WHAT THE TASK REQUIRES: Every entry below should be printed exactly, without its images.

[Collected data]
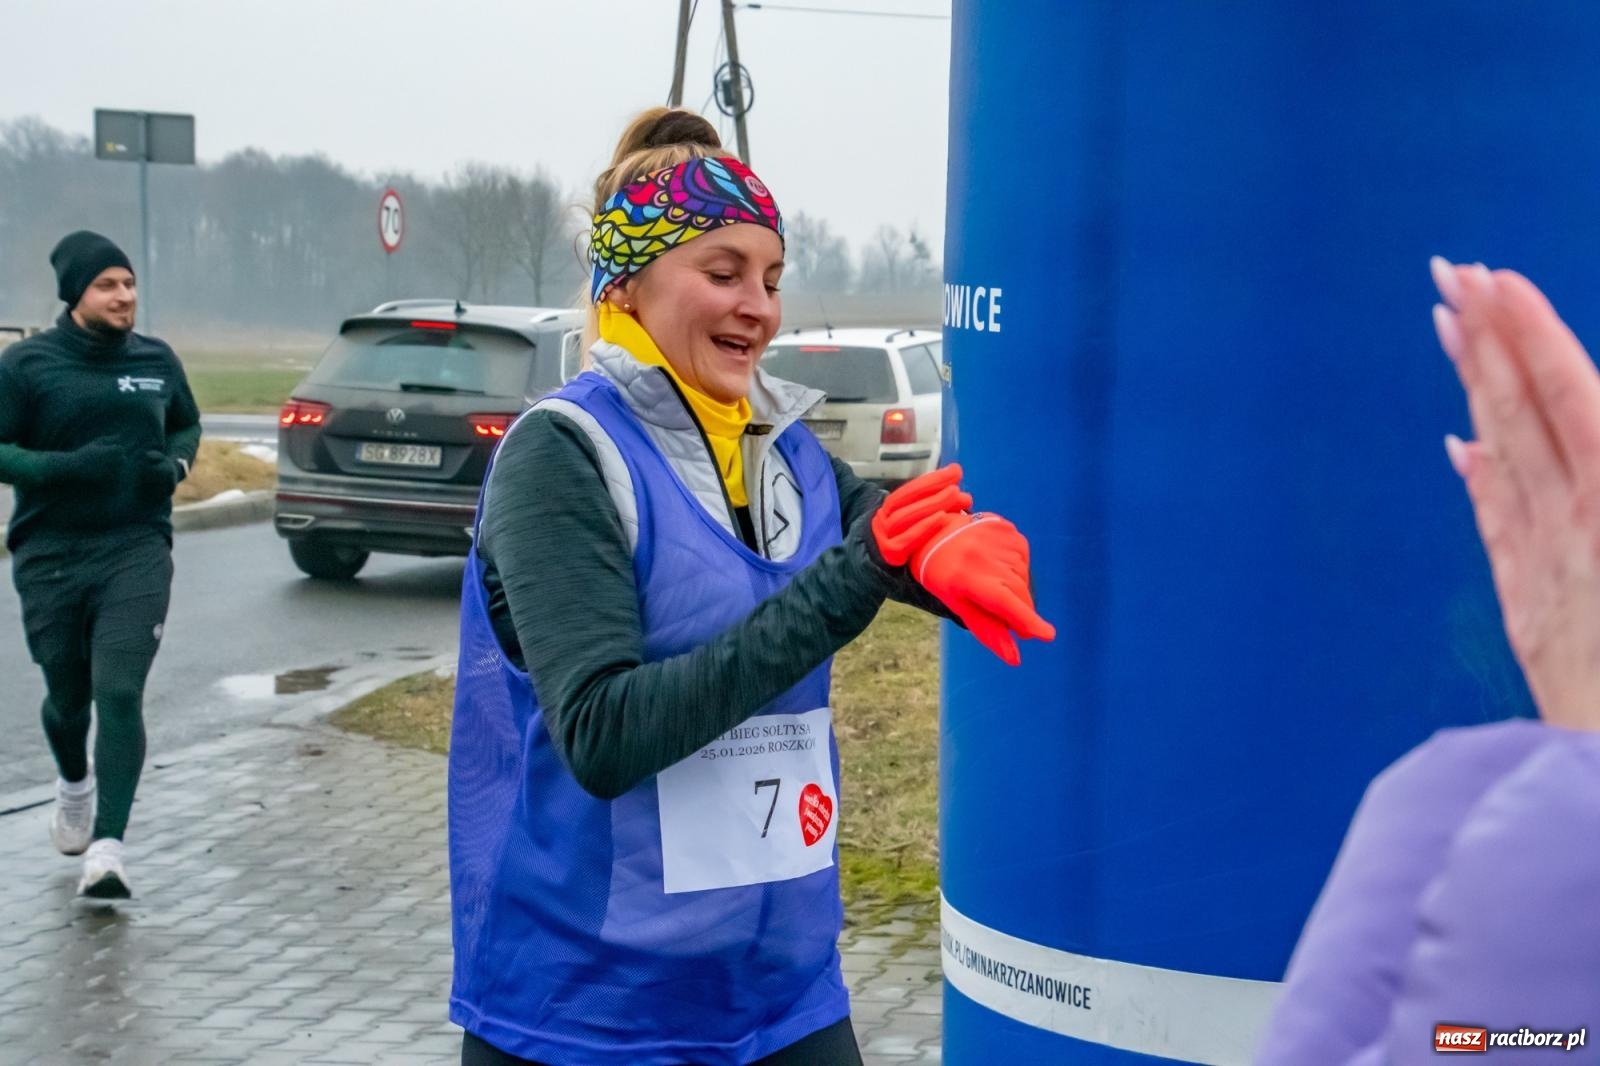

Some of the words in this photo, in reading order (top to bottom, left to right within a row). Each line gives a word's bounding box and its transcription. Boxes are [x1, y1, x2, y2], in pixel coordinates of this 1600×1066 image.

[384, 206, 400, 234] 70
[365, 444, 384, 460] SG
[390, 446, 437, 464] 8928X
[729, 727, 760, 741] BIEG
[701, 744, 765, 760] 25.01.2026
[754, 778, 781, 838] 7
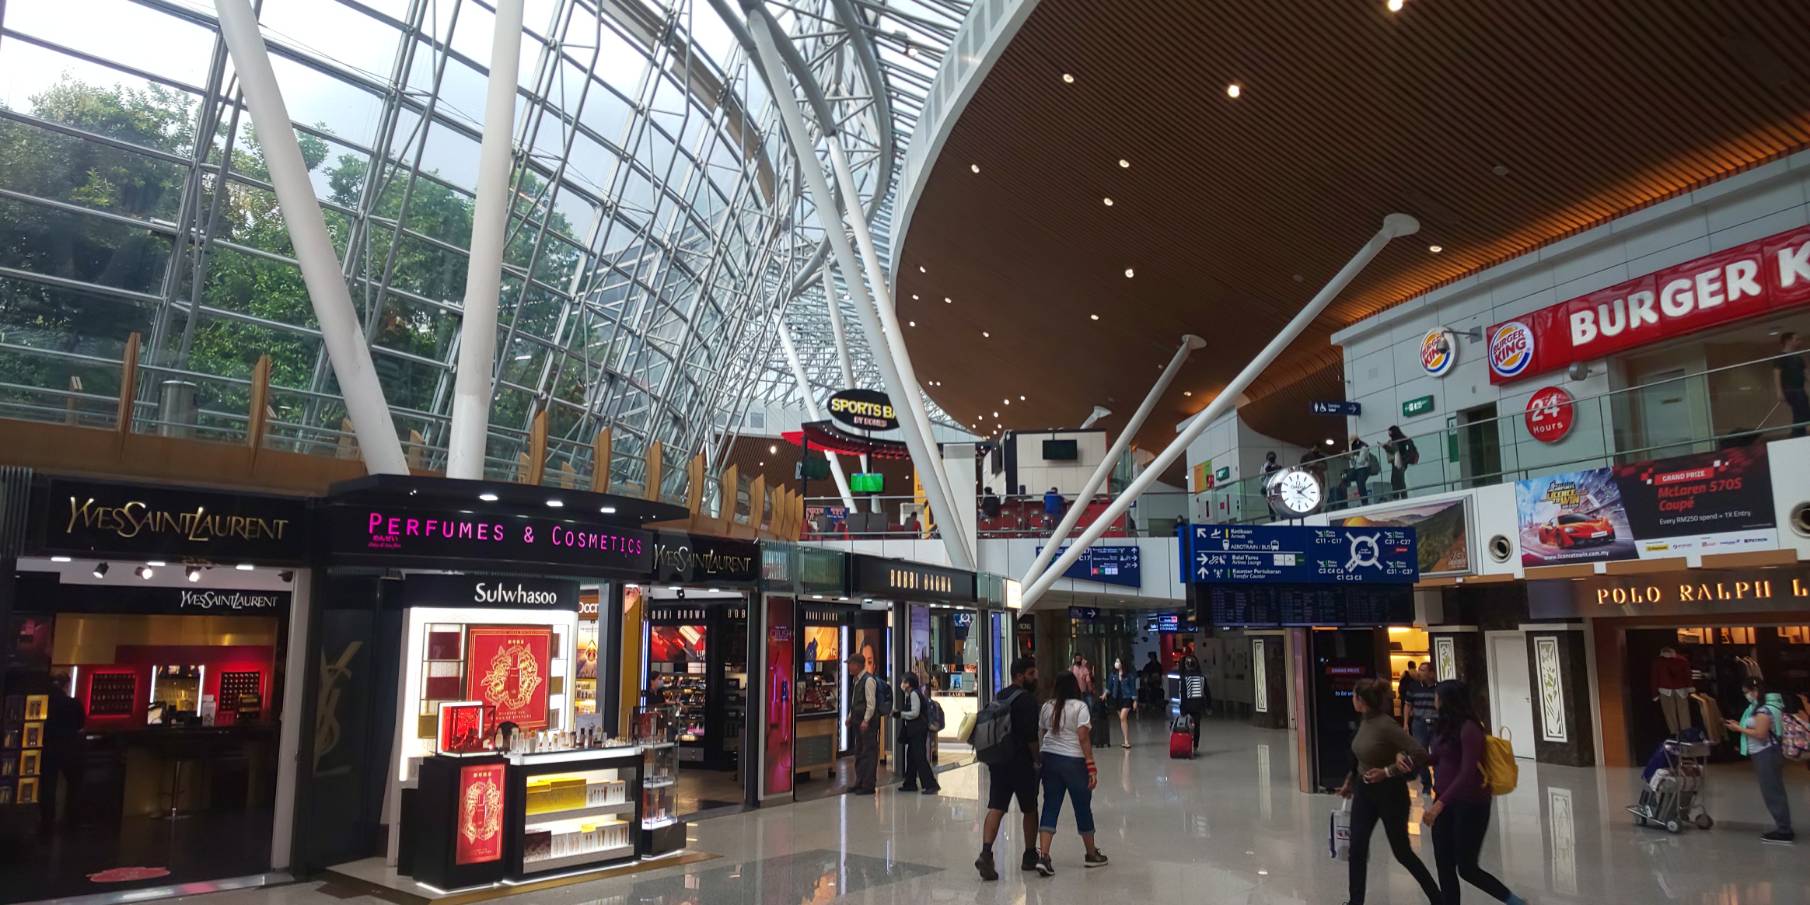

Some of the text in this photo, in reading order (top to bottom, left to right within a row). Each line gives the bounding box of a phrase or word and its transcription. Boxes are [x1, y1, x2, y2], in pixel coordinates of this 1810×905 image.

[1569, 240, 1810, 348] BURGER K
[1493, 328, 1525, 355] BURGER
[1494, 337, 1527, 368] KING
[831, 397, 882, 417] SPORTS
[1531, 392, 1560, 422] 24
[1532, 421, 1564, 433] Hours
[1657, 478, 1743, 498] McLaren 570S
[1662, 470, 1706, 482] GRAND PRIZE
[1658, 496, 1696, 512] Coupé
[1659, 517, 1676, 526] Every
[1676, 514, 1699, 524] RM250
[1699, 513, 1718, 522] spend
[1733, 510, 1752, 518] Entry
[368, 512, 642, 555] PERFUMES & COSMETICS
[890, 568, 952, 593] BOBBI BROWN
[1596, 577, 1809, 605] POLO RALPH L
[474, 582, 557, 605] Sulwhasoo
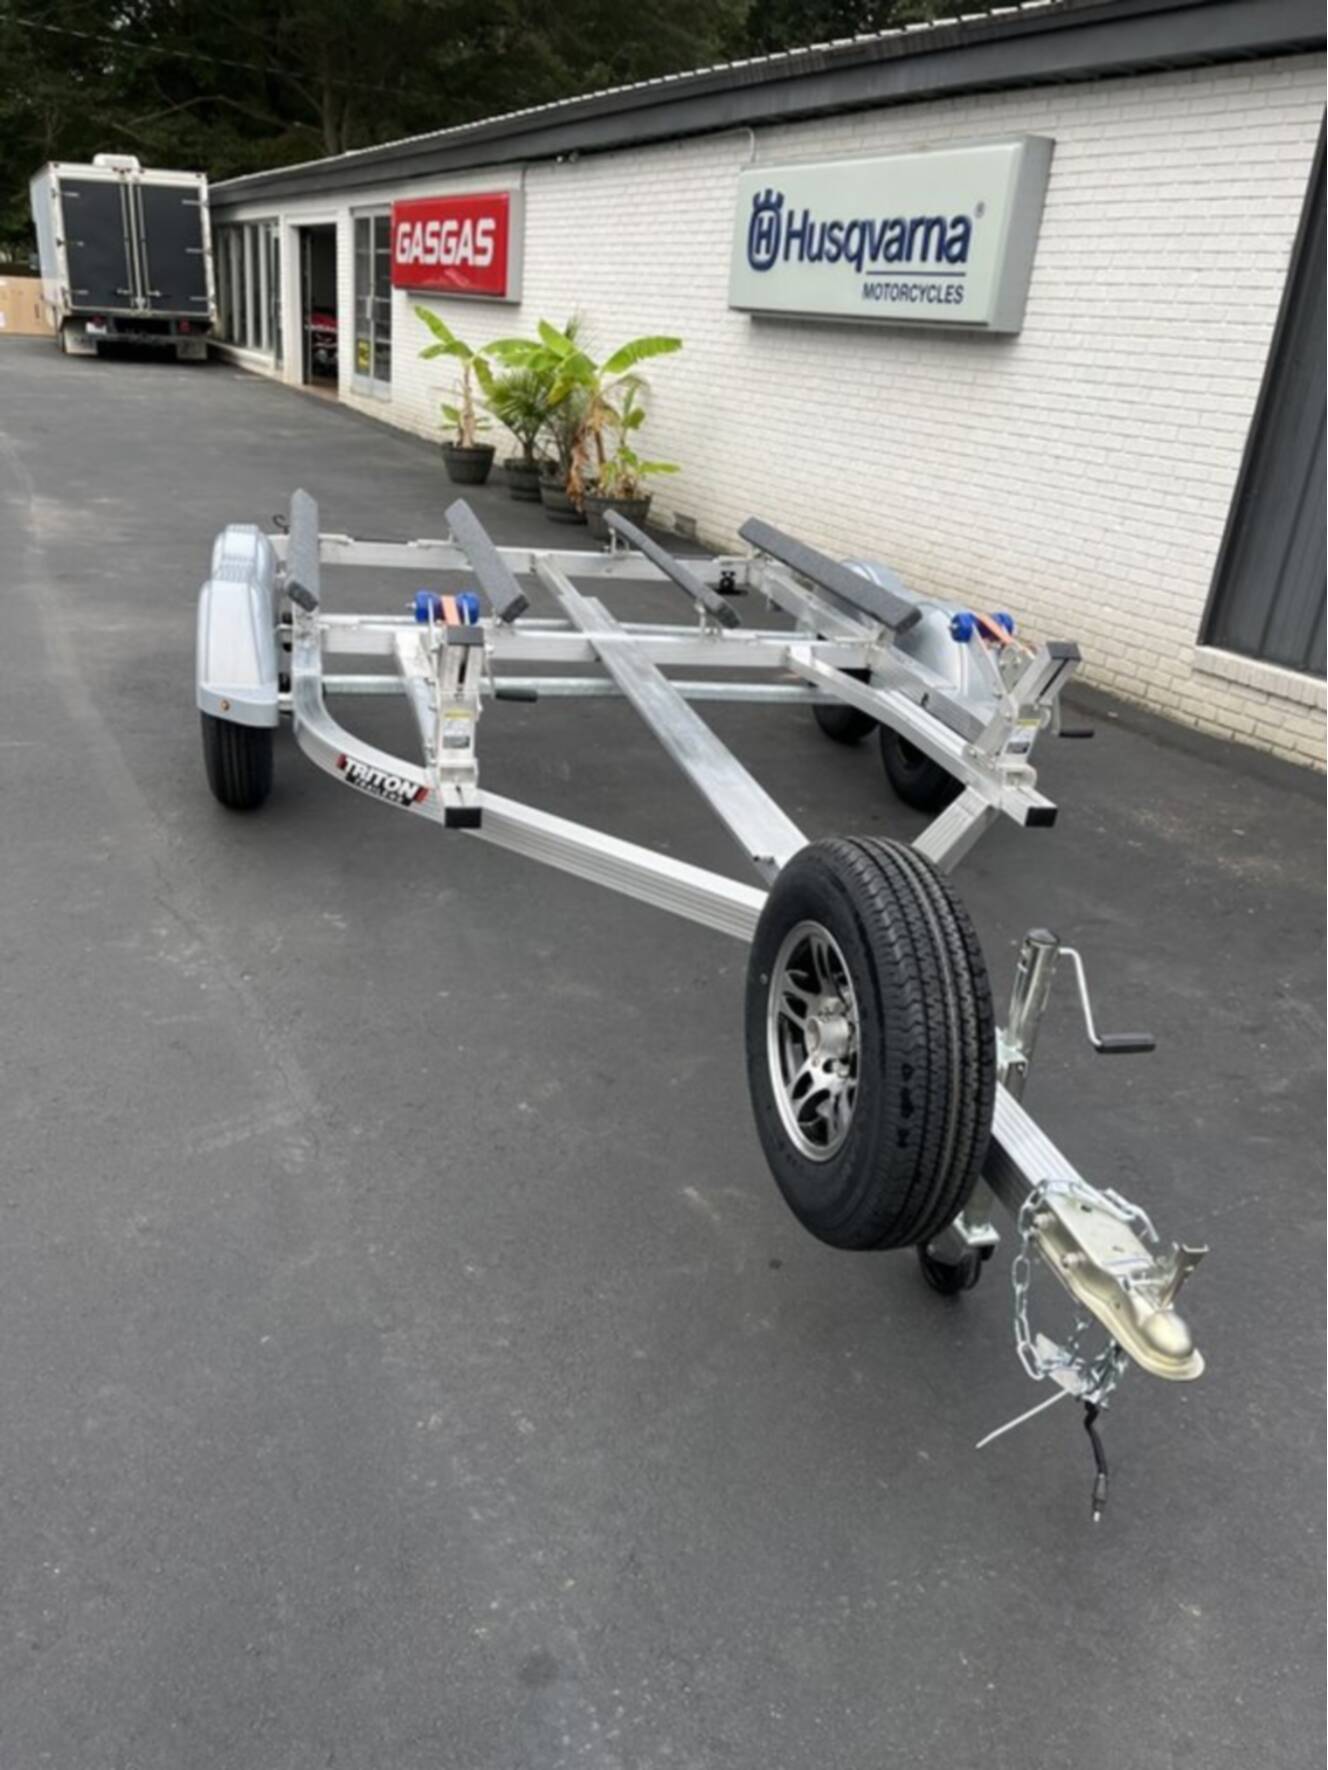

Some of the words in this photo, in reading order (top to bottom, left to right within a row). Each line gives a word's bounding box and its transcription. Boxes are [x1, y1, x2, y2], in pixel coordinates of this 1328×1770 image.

[396, 218, 496, 267] GASGAS
[783, 209, 973, 273] Husqvarna
[862, 282, 964, 305] MOTORCYCLES
[346, 757, 418, 799] TRITON

OUTPUT BELOW:
Some of the words in this photo, in reading order (top to bottom, left to right within a row). Each line gives a word's bounding box and its transcription. Boxes are [x1, y1, x2, y2], in pixel coordinates of this 1600×1066 image.

[384, 206, 400, 234] 70
[365, 444, 384, 460] SG
[390, 446, 437, 464] 8928X
[729, 727, 760, 741] BIEG
[701, 744, 765, 760] 25.01.2026
[754, 778, 781, 838] 7

Some of the text in this photo, in reading order (top to bottom, left to right within a row). Each line gives the bounding box of a phrase or word and its transcription. Boxes are [x1, y1, x2, y2], in pixel coordinates of this 1810×905 image.

[1569, 240, 1810, 348] BURGER K
[1493, 328, 1525, 355] BURGER
[1494, 337, 1527, 368] KING
[831, 397, 882, 417] SPORTS
[1531, 392, 1560, 422] 24
[1532, 421, 1564, 433] Hours
[1657, 478, 1743, 498] McLaren 570S
[1662, 470, 1706, 482] GRAND PRIZE
[1658, 496, 1696, 512] Coupé
[1659, 517, 1676, 526] Every
[1676, 514, 1699, 524] RM250
[1699, 513, 1718, 522] spend
[1733, 510, 1752, 518] Entry
[368, 512, 642, 555] PERFUMES & COSMETICS
[890, 568, 952, 593] BOBBI BROWN
[1596, 577, 1809, 605] POLO RALPH L
[474, 582, 557, 605] Sulwhasoo

Some of the words in this photo, in reading order (top to bottom, left to right within a row). Each line gives a word's bounding box and its transcription. Boxes are [x1, y1, x2, y2], in pixel coordinates of this 1328×1770 image.

[396, 218, 496, 267] GASGAS
[783, 209, 973, 273] Husqvarna
[862, 282, 964, 305] MOTORCYCLES
[346, 757, 418, 799] TRITON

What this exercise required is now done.